# TASK ITEM
Print every line below exactly. Skip the pictures.

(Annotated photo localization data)
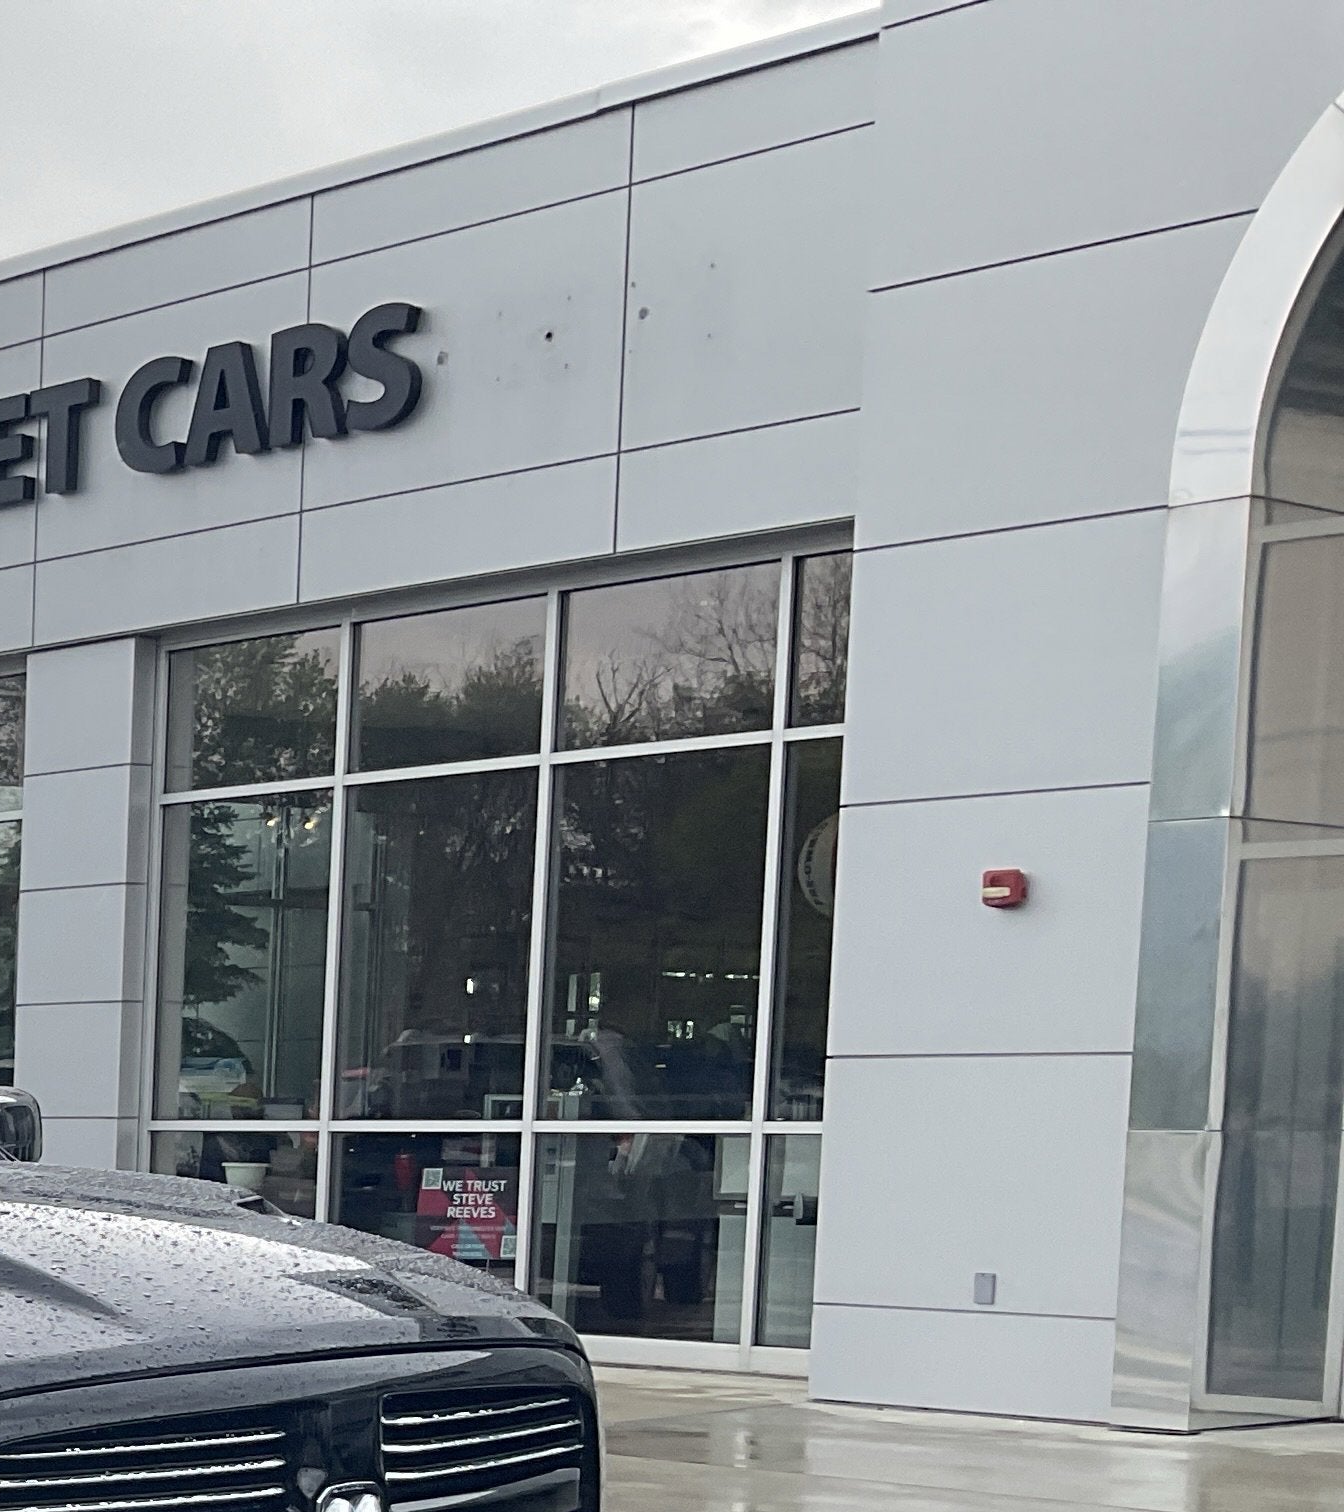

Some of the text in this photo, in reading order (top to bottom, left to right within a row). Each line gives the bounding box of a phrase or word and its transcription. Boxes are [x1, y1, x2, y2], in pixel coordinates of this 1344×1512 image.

[115, 303, 422, 474] CARS
[442, 1180, 507, 1192] WE TRUST
[452, 1193, 494, 1205] STEVE
[447, 1206, 496, 1219] REEVES
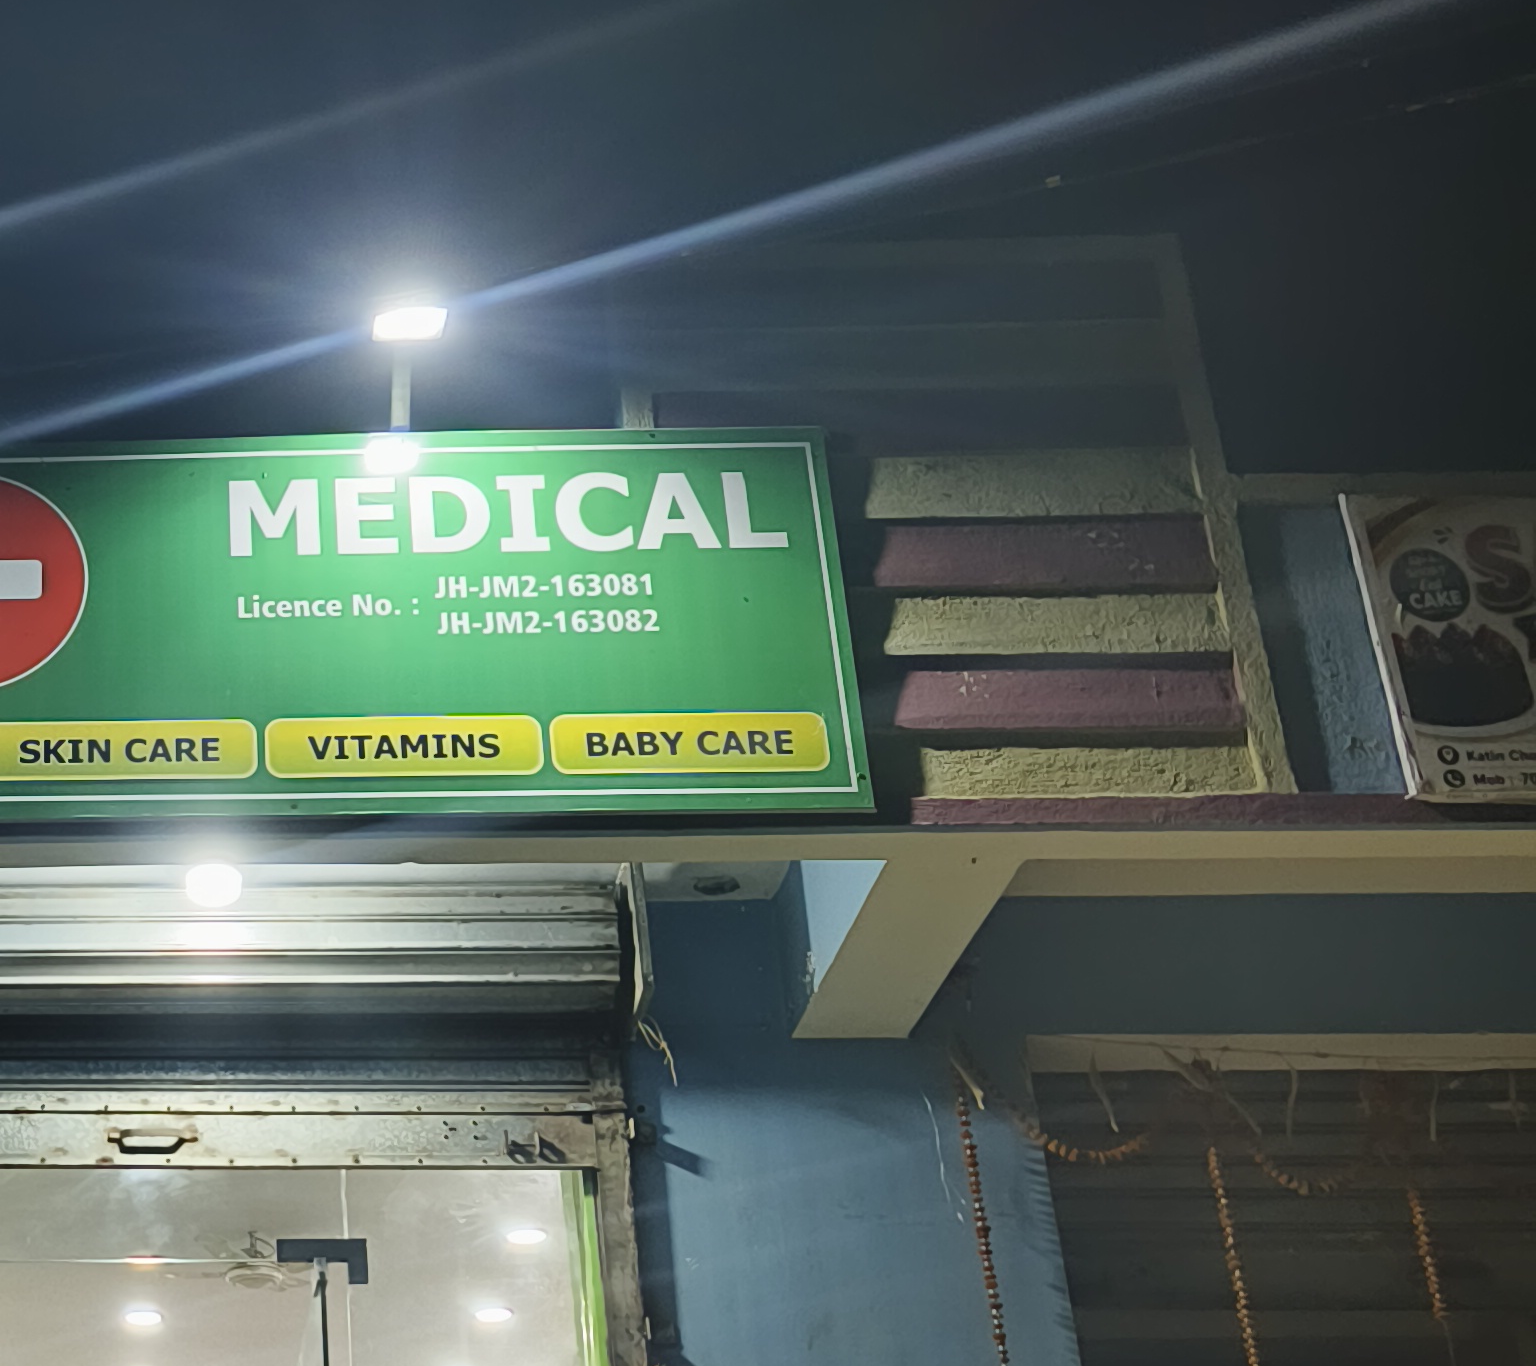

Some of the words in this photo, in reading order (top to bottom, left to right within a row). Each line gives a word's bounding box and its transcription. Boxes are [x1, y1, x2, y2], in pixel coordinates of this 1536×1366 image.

[227, 471, 789, 557] MEDICAL
[434, 573, 654, 600] JH-JM2-163081
[1409, 590, 1463, 610] CAKE
[237, 594, 343, 619] Licence
[351, 593, 402, 618] No.
[437, 608, 660, 636] JH-JM2-163082
[19, 738, 112, 764] SKIN
[125, 737, 221, 763] CARE
[307, 733, 501, 760] VITAMINS
[585, 731, 683, 757] BABY
[696, 729, 794, 756] CARE
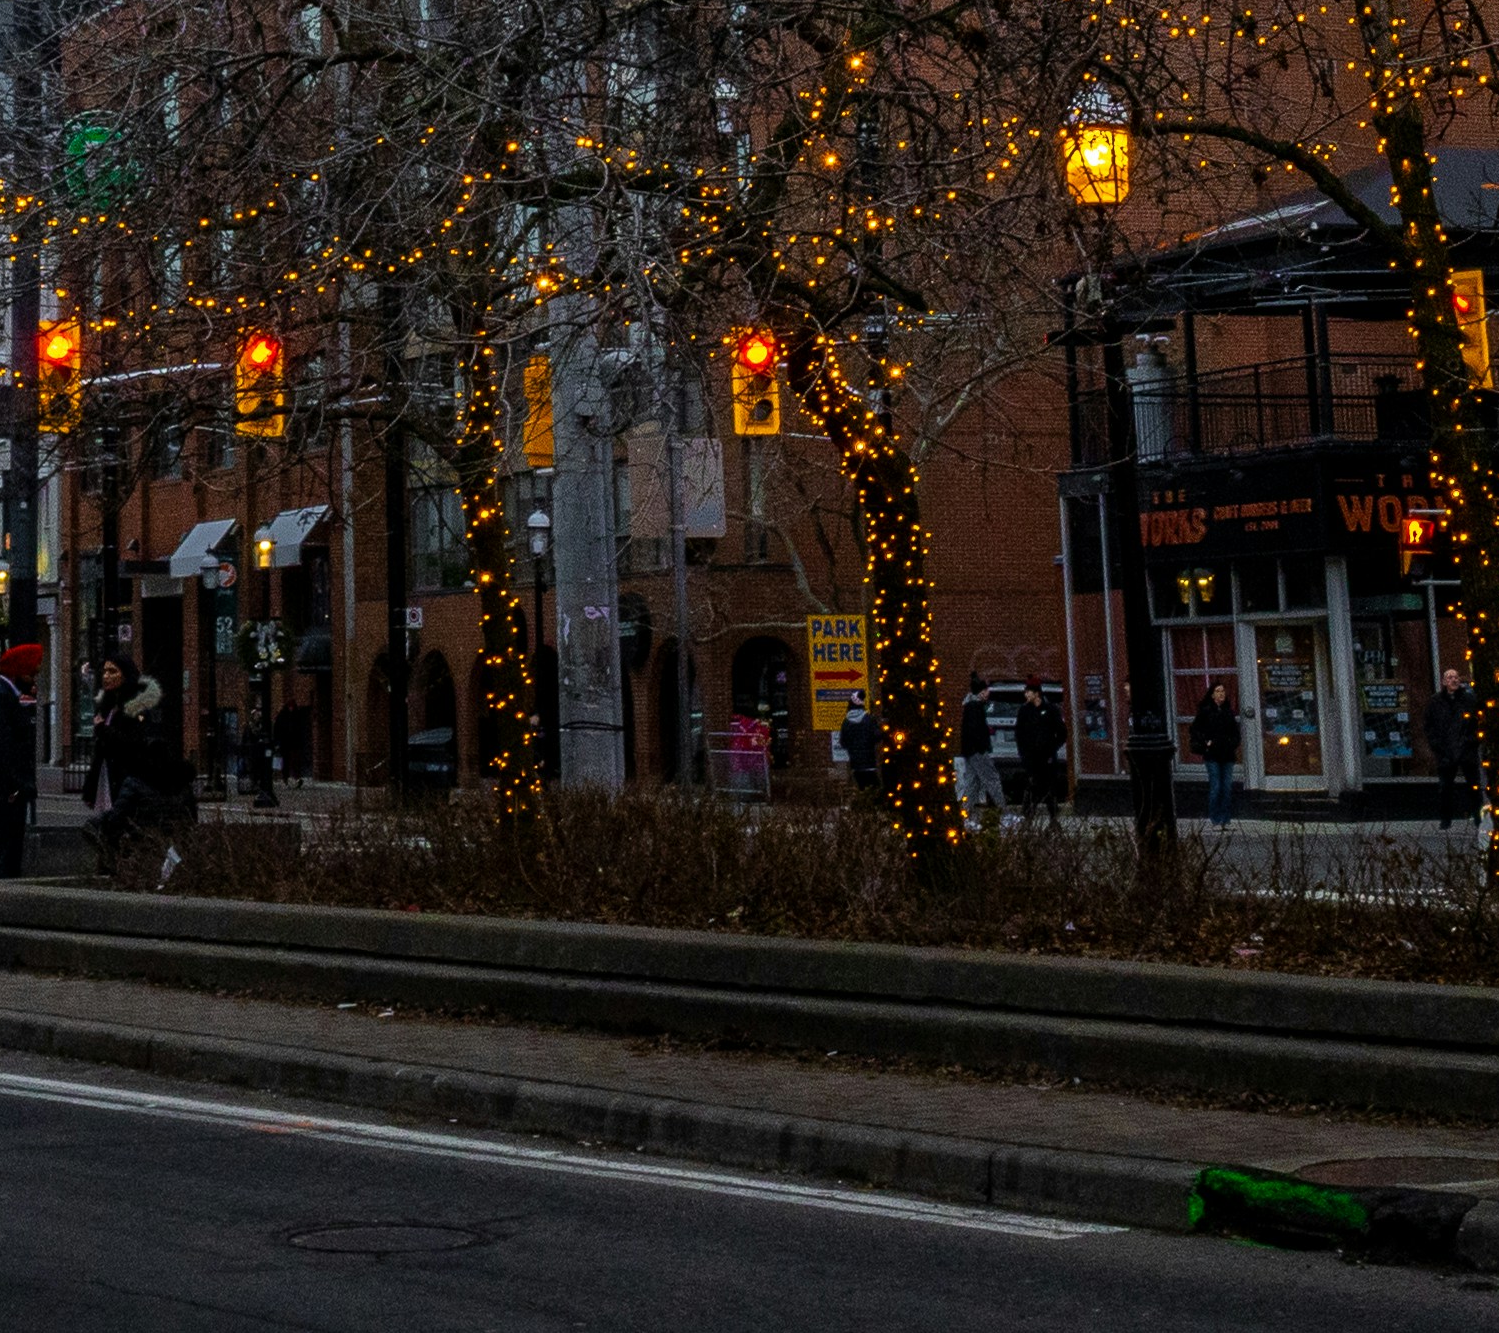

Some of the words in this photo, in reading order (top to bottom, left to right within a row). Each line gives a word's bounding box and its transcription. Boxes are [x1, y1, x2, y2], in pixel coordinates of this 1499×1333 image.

[215, 616, 234, 633] 52
[812, 619, 861, 637] PARK
[813, 643, 863, 662] HERE

# RESPONSE
Some of the text in this photo, in reading order (top to bottom, left to right within a row). Each line gives the bounding box of a phrase or word and its transcription. Boxes are [x1, y1, x2, y2], in pixel coordinates of this 1344×1512 image.

[115, 303, 422, 474] CARS
[442, 1180, 507, 1192] WE TRUST
[452, 1193, 494, 1205] STEVE
[447, 1206, 496, 1219] REEVES

Some of the words in this photo, in reading order (top to bottom, left to right within a row). Each line gives a word's bounding box and its transcription. Boxes are [x1, y1, x2, y2], in pixel coordinates of this 1536×1366 image.

[227, 471, 789, 557] MEDICAL
[434, 573, 654, 600] JH-JM2-163081
[1409, 590, 1463, 610] CAKE
[237, 594, 343, 619] Licence
[351, 593, 402, 618] No.
[437, 608, 660, 636] JH-JM2-163082
[19, 738, 112, 764] SKIN
[125, 737, 221, 763] CARE
[307, 733, 501, 760] VITAMINS
[585, 731, 683, 757] BABY
[696, 729, 794, 756] CARE

Some of the words in this photo, in reading order (top to bottom, left to right within a row). Each line gives a word's bounding box and its transcription. Boxes are [x1, y1, x2, y2], in pixel coordinates of this 1499×1333 image.

[215, 616, 234, 633] 52
[812, 619, 861, 637] PARK
[813, 643, 863, 662] HERE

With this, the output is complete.